Novas regras do FGTS permitem financiamento de imóveis de até R$ 2,25 milhões para todos os contratos
O Conselho Curador do Fundo de Garantia do Tempo de Serviço (FGTS) tomou uma decisão importante nesta quarta-feira (26), aprovando a utilização dos recursos do Fundo para a aquisição de imóveis com valor de até R$ 2,25 milhões. Esta medida, anunciada em reunião extraordinária, **abrange tanto contratos antigos quanto os novos**, trazendo uniformidade às regras de financiamento.
A mudança corrige um problema que surgiu após a elevação do limite do Sistema Financeiro da Habitação (SFH). Desde outubro, o teto para financiamento habitacional subiu de R$ 1,5 milhão para R$ 2,25 milhões. No entanto, contratos assinados após junho de 2021 não estavam se enquadrando nesse novo valor, enquanto os anteriores já podiam se beneficiar.
Essa padronização é vista como um alívio, especialmente para famílias com renda superior a R$ 12 mil. Estas famílias, que atuam em mercados imobiliários mais caros como São Paulo, Rio de Janeiro e Brasília, sentiam o impacto do antigo teto de R$ 1,5 milhão, que já não refletia a realidade dos preços nessas regiões.

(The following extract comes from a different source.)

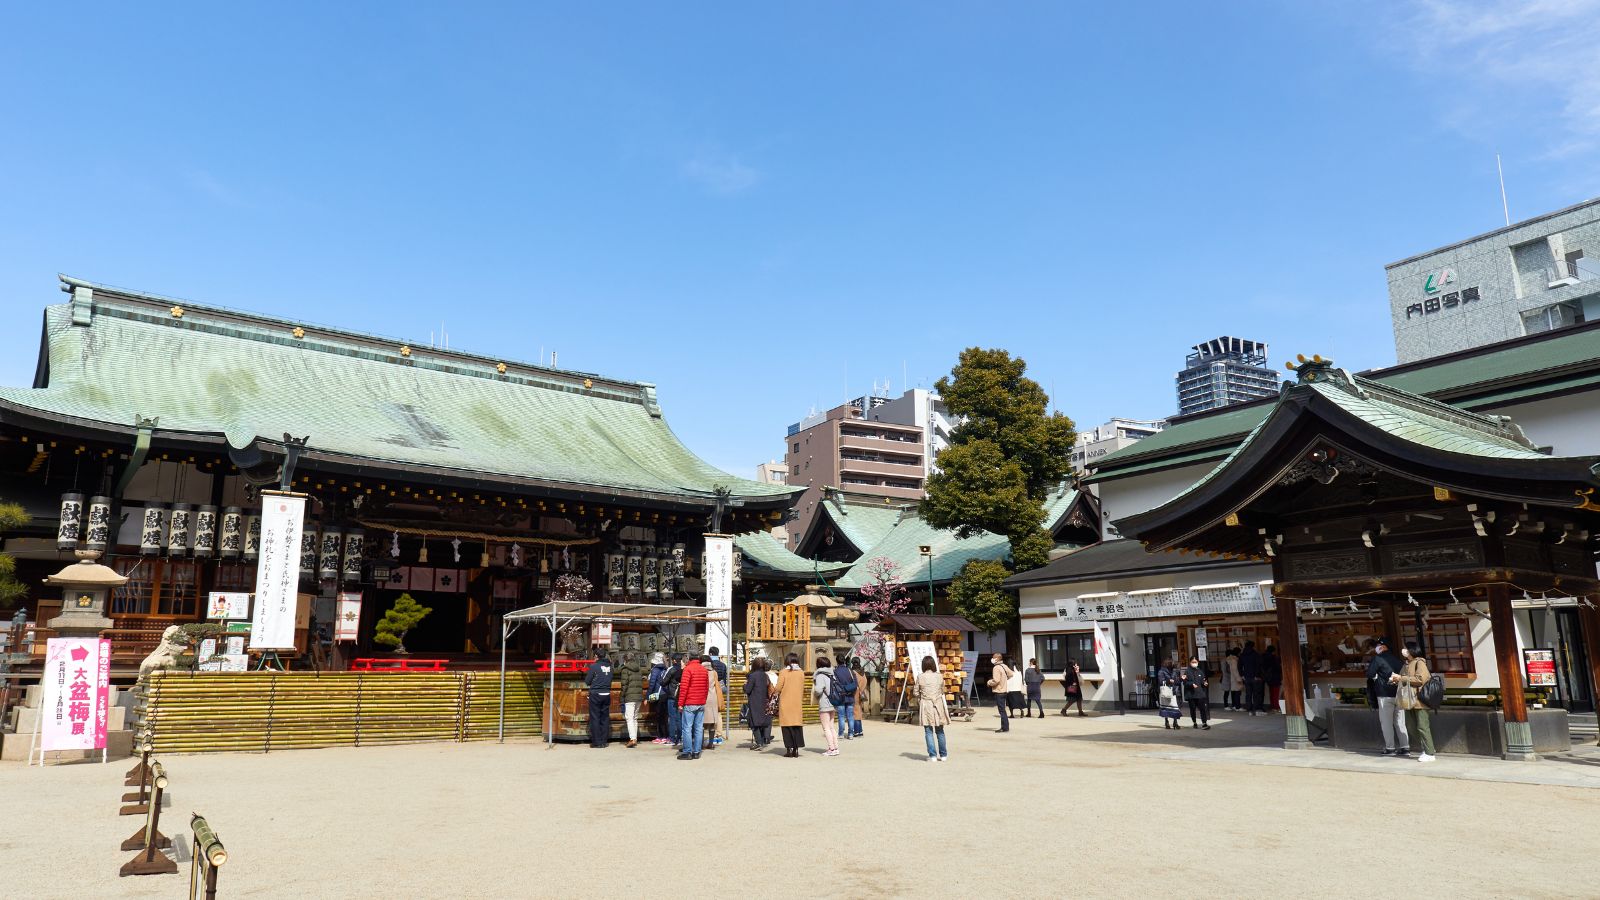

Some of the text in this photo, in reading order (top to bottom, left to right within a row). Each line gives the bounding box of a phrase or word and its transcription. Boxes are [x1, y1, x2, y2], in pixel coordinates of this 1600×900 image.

[1406, 286, 1480, 319] 内田写真
[1087, 448, 1107, 458] ANNEX
[68, 667, 92, 735] 大盆梅展

Entenda a antiga distorção nas regras do FGTS
Anteriormente, uma resolução do Conselho Curador do FGTS, de 2021, determinava que o valor do imóvel, na data da assinatura do contrato, deveria estar em conformidade com o teto estabelecido pelo Conselho Monetário Nacional (CMN). Isso criava uma divisão clara: contratos firmados até 11 de junho de 2021 e aqueles iniciados a partir de 12 de junho de 2021.
Com a elevação do teto para R$ 2,25 milhões, mutuários com contratos mais recentes ficaram impossibilitados de usar o FGTS, mesmo que o imóvel se encaixasse na nova faixa de valor. Essa situação gerou uma onda de reclamações direcionadas aos agentes financeiros e ao Banco Central, além de levantar a possibilidade de judicialização do caso.
Benefícios da ampliação do teto para o mercado imobiliário
A decisão do Conselho Curador do FGTS visa **desburocratizar o acesso ao crédito imobiliário** e adequar as regras à realidade econômica atual. Ao permitir que todos os contratos, novos e antigos, utilizem o FGTS para imóveis de até R$ 2,25 milhões, o governo busca impulsionar o setor da construção civil e facilitar a aquisição da casa própria para um público maior.
A atualização do limite é um passo importante para garantir que mais brasileiros possam realizar o sonho da casa própria, utilizando os recursos do FGTS de forma mais abrangente e justa. A expectativa é que essa medida **estimule o mercado imobiliário** e contribua para a movimentação da economia.
Em suma, a nova regra do FGTS representa um avanço significativo para quem busca financiar um imóvel, tornando o processo mais inclusivo e alinhado às atuais condições do mercado. A partir de agora, o **FGTS poderá financiar qualquer imóvel de até R$ 2,25 milhões**, beneficiando um número maior de trabalhadores.